Drinks

Castle & Key Distillery’s Bluegrass Revival

A Kentucky bourbon landmark springs back to life

photo: Castle & Key

Bourbon ages in a Castle & Key warehouse.

As you emerge from a dense tunnel of hardwoods on McCracken Pike, in Woodford County, Kentucky, the distillery materializes abruptly, as if conjured. Bourbon pioneer Colonel E. H. Taylor Jr. dreamed up the turreted limestone castle with its European-style springhouse and sprawling gardens in 1887, adding pergolas, pools, and walking trails to the manicured grounds in hopes of luring guests. They came by the train-car full. And with them, the idea of bourbon tourism was born. Known as the Old Taylor Distillery, it shut down during Prohibition before changing hands and once again producing bourbon until finally closing in 1972. For more than forty years it then stood empty—a forgotten ghost of bourbon country past.

Today, after a massive four-year renovation, it’s hard to understand how the now-stunning landmark—which officially reopened this fall as Castle & Key Distillery—was nearly dismantled and sold for salvage. But in 2014, when Kentucky businessmen Will Arvin and Wes Murry scooped it up, kudzu vines choked the buildings, which were rapidly succumbing to weather and neglect. The gardens were a distant memory. To top it off, the pair had zero bourbon experience. But they knew enough to recognize that to stand in the colonel’s long shadow and succeed, they needed help.

They soon set their sights on Marianne Eaves, at the time a twenty-eight-year-old rising bourbon maker with a degree in chemical engineering. Eaves worked for Brown-Forman—the parent company behind Woodford Reserve, Old Forester, and Jack Daniel’s—studying directly under Chris Morris, Woodford’s acclaimed master distiller. “Everybody said we had no shot,” Murry says, “which meant I had to try.” Turns out, for Eaves the chance to become Kentucky’s first female master bourbon distiller since Prohibition made for enticing bait. “It wasn’t an easy decision,” she says. “But after meeting the guys, I could see very clearly their passion and their dedication to doing things the right way. And after meeting their wives, I also knew they could take direction from a woman.”

photo: Castle & Key

Master distiller Marianne Eaves at the historic springhouse.

For the group, doing things right meant doing them slowly. To that end, rather than sourcing their first batches of bourbon from an outside distiller, as many fledgling brands have done, they started from scratch, which means it will be another few years before bottles hit shelves. A 1917 bourbon distilled at Old Taylor and unearthed during the renovations provided the inspiration for the mash bill. “I’d tasted old whiskeys before, but this one was more complex—a little sweeter,” Eaves says. “We had a bottle reverse engineered, and the lab confirmed a white corn base, a low percentage of rye, and a high percentage of barley.” She enlisted the growers at nearby Walnut Grove Farm to cultivate an heirloom variety of white corn called Hickory King for the mix. Meanwhile, as the bourbon ages, Eaves and her team are producing a vodka made from a whiskey-inspired blend of corn, rye, and barley, and a London dry gin that uses Kentucky-grown botanicals such as lemon verbena. Next year, they’ll release a limited-edition rye whiskey that is now resting in oak.

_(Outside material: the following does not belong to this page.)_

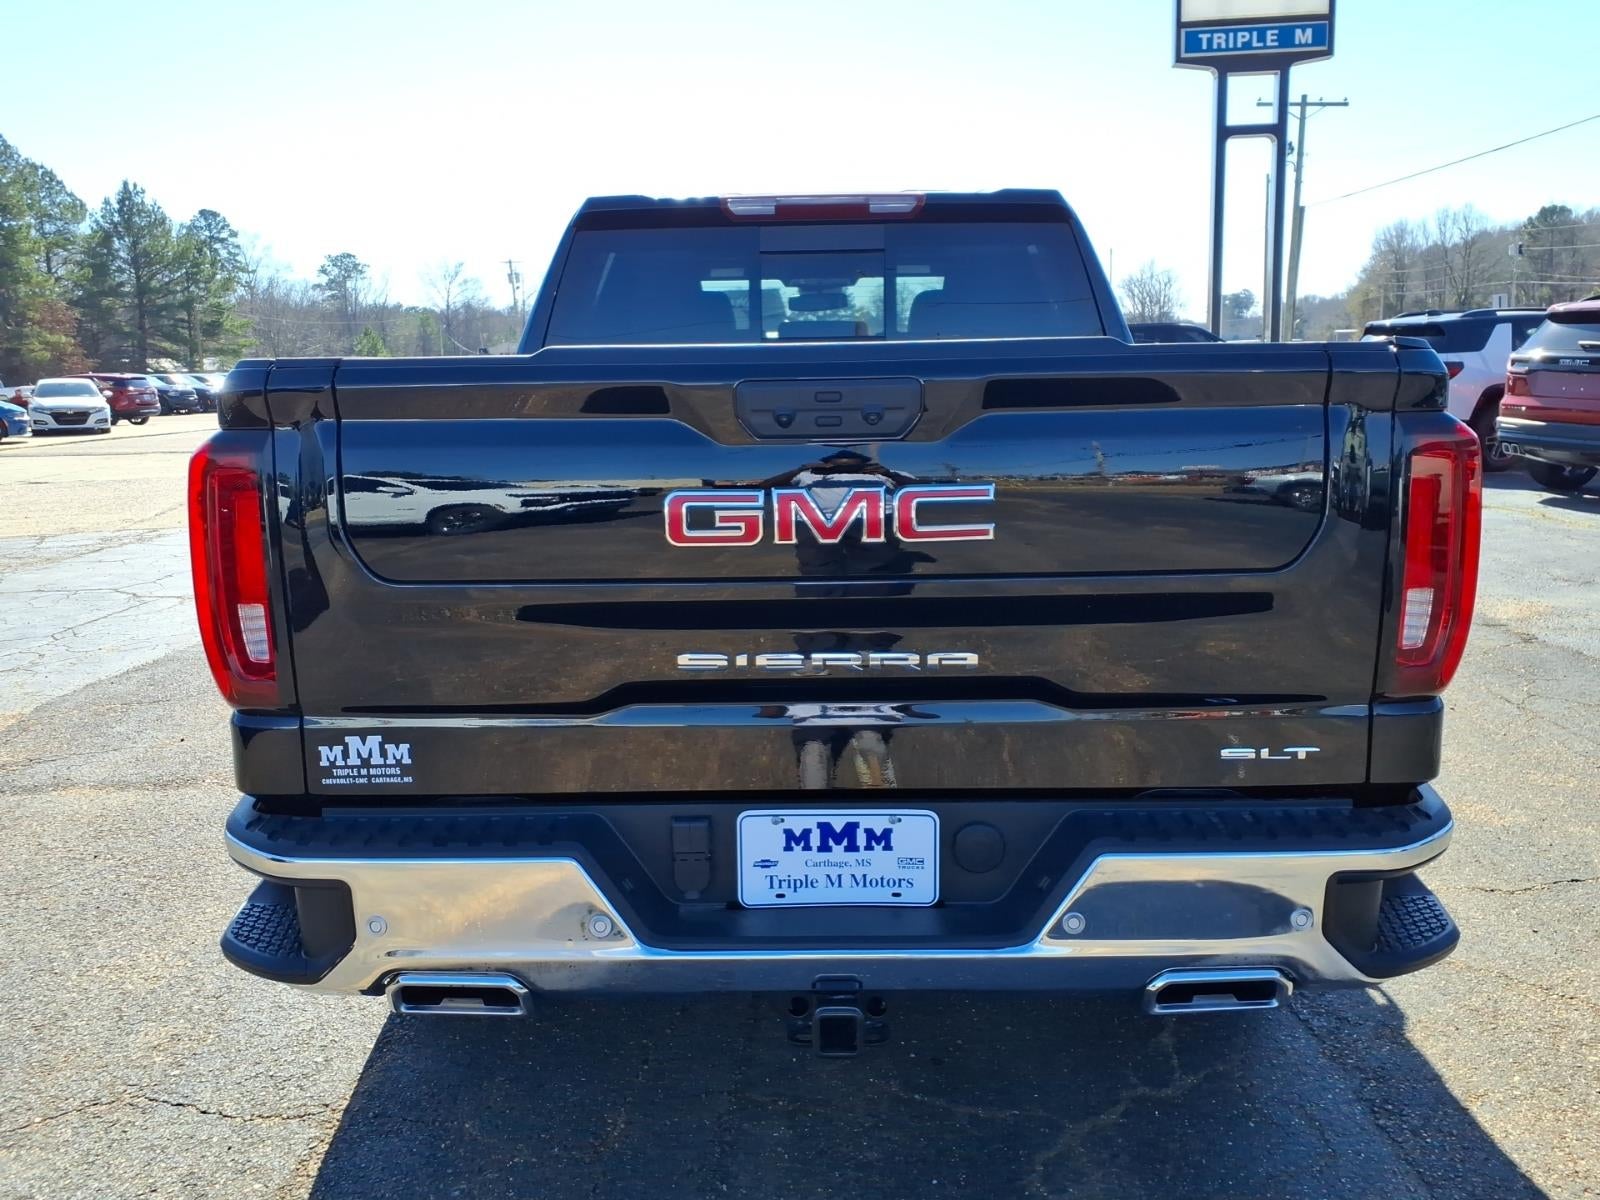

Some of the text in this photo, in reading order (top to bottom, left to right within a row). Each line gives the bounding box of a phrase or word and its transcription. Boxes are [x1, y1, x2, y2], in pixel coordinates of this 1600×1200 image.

But you don’t have to wait to visit. Building on Colonel Taylor’s open-door philosophy, Castle & Key is hyperfocused on hospitality, which is why Murry and Arvin put the gardens at the top of the punch list, enlisting the renowned landscape designer Jon Carloftis, a Kentucky native based in Lexington. Starting in the small formal sunken garden, Carloftis planted historically accurate hemlocks, magnolias, and native berries across the property’s 113 acres. Fruit trees and Limelight hydrangeas line the restored keyhole-shaped springhouse, which holds 140,000 gallons of natural limestone-filtered water, and a new botanical trail now meanders along the banks of Glenn’s Creek. In addition, the new owners added a twenty-seat speakeasy and tasting room and a welcome center inside the hulking shell of the old boiler room. Upon booking a visit to the distillery, guests are asked what drew them to the property. The gardens? The history? An interest in bourbon making? Depending on the response, the Castle & Key team can then tailor the experience. Naturally, each visit ends with drinks at the speakeasy’s copper-wrapped bar. Somewhere Colonel Taylor is raising a glass.